Characterization and optimization of the ParB_INT imaging tool

Abstract

Partitioning B (ParB) proteins are key to the prokaryotic partitioning machinery which ensures proper segregation of replicated plasmid DNA strands. ParB proteins bind specifically to a centromere-like parS sequence, from which dimerized partition complexes distribute to flanking regions over several kbp in a mechanism termed spreading. These proteins and parS sequence have been repurposed for the ParB_INT imaging system to visualize single gene loci in living cells by Bystricky and colleagues. By integrating a relatively short parS sequence close to a sequence of interest and ectopically expressing a fluorescent ParB protein, the spreading of ParB upstream and downstream on the DNA creates a visible spot for the locus detectable by light microscopy.

ParB proteins may possess nuclease activity, which could have a negative impact on the genomic region when ParB spreads over parS and neighboring sequences. We have predicted the structure of ParB proteins and performed an evolutionary analysis of ParB proteins. We suggest that the nuclease activity is likely located to the two highly conserved regions, BOX I and BOX II.

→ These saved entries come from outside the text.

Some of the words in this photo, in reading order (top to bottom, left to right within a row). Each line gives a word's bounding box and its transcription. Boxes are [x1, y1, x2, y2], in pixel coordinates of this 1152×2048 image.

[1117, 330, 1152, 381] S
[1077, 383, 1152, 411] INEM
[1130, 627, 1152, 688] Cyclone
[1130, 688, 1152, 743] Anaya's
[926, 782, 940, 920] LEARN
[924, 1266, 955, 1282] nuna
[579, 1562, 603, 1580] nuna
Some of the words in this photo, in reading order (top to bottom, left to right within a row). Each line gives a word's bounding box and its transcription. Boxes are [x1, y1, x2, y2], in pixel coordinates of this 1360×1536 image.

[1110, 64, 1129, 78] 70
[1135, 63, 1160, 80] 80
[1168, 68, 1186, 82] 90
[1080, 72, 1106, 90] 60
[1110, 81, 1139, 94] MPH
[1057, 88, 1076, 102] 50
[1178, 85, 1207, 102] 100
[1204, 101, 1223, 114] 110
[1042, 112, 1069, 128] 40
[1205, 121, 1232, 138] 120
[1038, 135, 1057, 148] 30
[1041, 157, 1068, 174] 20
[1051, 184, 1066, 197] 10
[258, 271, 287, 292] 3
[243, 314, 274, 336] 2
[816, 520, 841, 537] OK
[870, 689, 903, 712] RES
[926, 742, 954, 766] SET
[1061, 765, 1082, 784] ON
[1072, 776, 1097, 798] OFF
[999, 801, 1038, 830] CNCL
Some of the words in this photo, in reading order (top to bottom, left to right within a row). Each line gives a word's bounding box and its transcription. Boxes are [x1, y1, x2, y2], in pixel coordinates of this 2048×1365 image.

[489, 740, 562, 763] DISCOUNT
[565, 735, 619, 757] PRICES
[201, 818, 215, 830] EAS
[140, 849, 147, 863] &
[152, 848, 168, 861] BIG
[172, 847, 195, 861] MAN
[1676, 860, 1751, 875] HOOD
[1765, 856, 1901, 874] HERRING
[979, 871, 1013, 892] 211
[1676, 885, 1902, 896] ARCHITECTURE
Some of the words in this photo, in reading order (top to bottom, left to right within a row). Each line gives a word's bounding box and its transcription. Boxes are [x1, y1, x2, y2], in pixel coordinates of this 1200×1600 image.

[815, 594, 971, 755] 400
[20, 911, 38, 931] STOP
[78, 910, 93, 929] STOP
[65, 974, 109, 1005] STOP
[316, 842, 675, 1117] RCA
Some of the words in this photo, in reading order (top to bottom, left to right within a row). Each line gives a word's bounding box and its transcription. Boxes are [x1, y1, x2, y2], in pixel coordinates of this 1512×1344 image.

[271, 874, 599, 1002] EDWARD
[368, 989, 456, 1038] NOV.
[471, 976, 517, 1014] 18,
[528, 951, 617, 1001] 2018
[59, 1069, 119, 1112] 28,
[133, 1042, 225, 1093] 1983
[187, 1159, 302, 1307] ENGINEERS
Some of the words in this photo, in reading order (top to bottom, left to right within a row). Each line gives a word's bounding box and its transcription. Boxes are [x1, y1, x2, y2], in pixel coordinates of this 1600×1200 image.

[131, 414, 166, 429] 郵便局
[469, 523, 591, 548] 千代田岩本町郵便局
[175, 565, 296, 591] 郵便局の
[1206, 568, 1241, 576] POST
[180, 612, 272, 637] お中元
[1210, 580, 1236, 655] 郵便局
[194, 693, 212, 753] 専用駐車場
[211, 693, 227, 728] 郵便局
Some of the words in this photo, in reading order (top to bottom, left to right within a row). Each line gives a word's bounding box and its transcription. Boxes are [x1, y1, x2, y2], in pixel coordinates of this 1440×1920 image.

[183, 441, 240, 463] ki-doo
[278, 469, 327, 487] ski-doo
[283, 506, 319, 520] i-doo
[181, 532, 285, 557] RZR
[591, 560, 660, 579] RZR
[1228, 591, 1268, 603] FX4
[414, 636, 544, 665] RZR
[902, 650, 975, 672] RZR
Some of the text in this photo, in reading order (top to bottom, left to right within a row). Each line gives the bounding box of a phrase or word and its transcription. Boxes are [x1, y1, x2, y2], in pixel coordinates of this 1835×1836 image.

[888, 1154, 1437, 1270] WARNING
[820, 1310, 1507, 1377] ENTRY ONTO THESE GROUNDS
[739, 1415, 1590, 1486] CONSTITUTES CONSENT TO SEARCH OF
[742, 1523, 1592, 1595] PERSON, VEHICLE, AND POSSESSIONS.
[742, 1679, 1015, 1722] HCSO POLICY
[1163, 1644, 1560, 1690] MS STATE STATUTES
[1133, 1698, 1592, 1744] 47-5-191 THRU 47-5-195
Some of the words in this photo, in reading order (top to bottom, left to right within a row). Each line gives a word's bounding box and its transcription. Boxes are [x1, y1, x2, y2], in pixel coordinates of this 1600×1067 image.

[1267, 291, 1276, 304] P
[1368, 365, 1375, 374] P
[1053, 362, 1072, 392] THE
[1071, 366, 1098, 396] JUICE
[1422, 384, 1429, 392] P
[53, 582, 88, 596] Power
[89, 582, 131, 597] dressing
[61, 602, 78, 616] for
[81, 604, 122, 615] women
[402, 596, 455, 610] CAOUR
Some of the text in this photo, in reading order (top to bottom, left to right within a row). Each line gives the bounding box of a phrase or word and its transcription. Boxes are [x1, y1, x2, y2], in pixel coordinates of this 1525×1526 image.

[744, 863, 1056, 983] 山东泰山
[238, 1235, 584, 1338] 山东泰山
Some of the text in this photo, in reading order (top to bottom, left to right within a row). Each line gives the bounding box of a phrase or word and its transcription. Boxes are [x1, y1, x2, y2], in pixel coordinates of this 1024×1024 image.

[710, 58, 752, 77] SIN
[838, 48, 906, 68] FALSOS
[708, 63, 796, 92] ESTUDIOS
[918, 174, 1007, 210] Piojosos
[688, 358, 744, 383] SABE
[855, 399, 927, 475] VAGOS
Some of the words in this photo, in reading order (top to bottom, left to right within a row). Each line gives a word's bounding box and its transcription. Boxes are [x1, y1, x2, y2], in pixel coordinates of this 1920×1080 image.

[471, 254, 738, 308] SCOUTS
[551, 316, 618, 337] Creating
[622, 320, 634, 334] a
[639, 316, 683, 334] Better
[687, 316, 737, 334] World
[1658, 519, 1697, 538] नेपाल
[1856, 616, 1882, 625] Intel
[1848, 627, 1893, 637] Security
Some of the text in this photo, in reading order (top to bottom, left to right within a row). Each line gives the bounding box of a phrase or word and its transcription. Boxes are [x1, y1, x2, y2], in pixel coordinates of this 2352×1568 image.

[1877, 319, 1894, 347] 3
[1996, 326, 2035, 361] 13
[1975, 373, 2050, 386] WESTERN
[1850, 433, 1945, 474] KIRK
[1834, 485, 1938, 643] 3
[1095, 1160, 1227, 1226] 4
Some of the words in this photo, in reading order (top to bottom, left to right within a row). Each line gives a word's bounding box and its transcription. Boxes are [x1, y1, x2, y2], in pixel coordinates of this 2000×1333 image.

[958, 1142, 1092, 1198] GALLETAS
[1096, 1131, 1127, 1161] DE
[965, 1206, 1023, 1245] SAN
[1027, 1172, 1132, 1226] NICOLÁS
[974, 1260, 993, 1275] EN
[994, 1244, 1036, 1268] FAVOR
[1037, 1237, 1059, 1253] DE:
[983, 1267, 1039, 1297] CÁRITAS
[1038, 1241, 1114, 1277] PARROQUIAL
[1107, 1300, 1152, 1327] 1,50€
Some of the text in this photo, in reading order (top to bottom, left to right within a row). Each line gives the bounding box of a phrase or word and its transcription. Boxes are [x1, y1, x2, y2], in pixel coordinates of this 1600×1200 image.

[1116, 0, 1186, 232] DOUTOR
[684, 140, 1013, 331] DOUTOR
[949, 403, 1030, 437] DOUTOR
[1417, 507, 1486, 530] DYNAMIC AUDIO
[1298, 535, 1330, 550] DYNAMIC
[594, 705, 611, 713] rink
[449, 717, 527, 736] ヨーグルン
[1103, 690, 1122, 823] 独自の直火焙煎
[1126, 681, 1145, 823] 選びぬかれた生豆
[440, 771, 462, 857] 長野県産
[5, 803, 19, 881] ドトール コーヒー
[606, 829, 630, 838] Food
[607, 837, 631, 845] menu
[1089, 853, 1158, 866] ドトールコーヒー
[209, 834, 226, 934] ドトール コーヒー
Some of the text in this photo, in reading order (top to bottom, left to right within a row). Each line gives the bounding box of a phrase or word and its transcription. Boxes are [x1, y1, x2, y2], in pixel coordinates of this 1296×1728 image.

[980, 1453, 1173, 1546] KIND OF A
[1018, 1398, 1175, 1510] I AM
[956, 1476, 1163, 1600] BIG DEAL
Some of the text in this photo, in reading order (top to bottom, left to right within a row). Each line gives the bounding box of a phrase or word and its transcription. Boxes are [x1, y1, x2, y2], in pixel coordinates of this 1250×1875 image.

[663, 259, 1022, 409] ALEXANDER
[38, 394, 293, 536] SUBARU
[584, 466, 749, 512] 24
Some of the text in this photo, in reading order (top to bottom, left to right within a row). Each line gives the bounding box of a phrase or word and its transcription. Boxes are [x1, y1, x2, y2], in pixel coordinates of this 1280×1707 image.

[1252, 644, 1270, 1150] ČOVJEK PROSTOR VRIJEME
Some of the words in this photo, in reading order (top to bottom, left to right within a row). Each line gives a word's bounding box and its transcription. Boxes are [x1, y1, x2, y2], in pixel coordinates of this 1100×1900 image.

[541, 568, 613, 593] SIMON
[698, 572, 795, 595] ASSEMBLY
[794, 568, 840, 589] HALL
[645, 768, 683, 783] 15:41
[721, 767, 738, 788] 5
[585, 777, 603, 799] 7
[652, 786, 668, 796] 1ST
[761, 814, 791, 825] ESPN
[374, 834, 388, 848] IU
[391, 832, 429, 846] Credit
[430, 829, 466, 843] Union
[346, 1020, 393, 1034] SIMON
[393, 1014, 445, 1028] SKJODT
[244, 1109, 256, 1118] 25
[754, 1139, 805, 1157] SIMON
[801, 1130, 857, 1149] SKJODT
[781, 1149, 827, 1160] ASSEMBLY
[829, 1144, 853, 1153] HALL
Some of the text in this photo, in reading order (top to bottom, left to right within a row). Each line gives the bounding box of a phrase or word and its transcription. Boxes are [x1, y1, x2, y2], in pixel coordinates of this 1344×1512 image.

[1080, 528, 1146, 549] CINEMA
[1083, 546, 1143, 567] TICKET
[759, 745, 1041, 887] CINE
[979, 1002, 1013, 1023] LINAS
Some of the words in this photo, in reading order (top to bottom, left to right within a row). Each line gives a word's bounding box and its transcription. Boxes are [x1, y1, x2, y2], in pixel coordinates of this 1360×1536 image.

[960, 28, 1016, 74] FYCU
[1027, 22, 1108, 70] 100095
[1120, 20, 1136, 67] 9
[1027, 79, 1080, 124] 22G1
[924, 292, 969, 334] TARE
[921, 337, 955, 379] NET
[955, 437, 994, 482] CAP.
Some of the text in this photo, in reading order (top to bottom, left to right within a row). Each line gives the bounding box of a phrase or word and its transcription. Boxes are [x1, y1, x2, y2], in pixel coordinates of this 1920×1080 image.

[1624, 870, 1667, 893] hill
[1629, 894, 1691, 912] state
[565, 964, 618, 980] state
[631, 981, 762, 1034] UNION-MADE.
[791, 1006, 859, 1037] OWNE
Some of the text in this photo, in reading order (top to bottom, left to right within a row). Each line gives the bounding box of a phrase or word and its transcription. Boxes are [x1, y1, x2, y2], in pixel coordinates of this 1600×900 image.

I constructed 15 different ParB clones. Different ParB3 proteins were tested for nuclease activity: the original prokaryotic protein, a humanized version, and a truncated core domain. I also show that the original prokaryotic protein and the humanized version may possess nuclease activity, whereas the structural core domain of ParB3 does not exhibit the same activity in the presence of plasmid DNA. The results from the nuclease assay need further validation after improvement of the recombinant purification protocol. Moreover, we found that the humanized ParB protein did not improve the ParB-INT imaging system in OS25 cells.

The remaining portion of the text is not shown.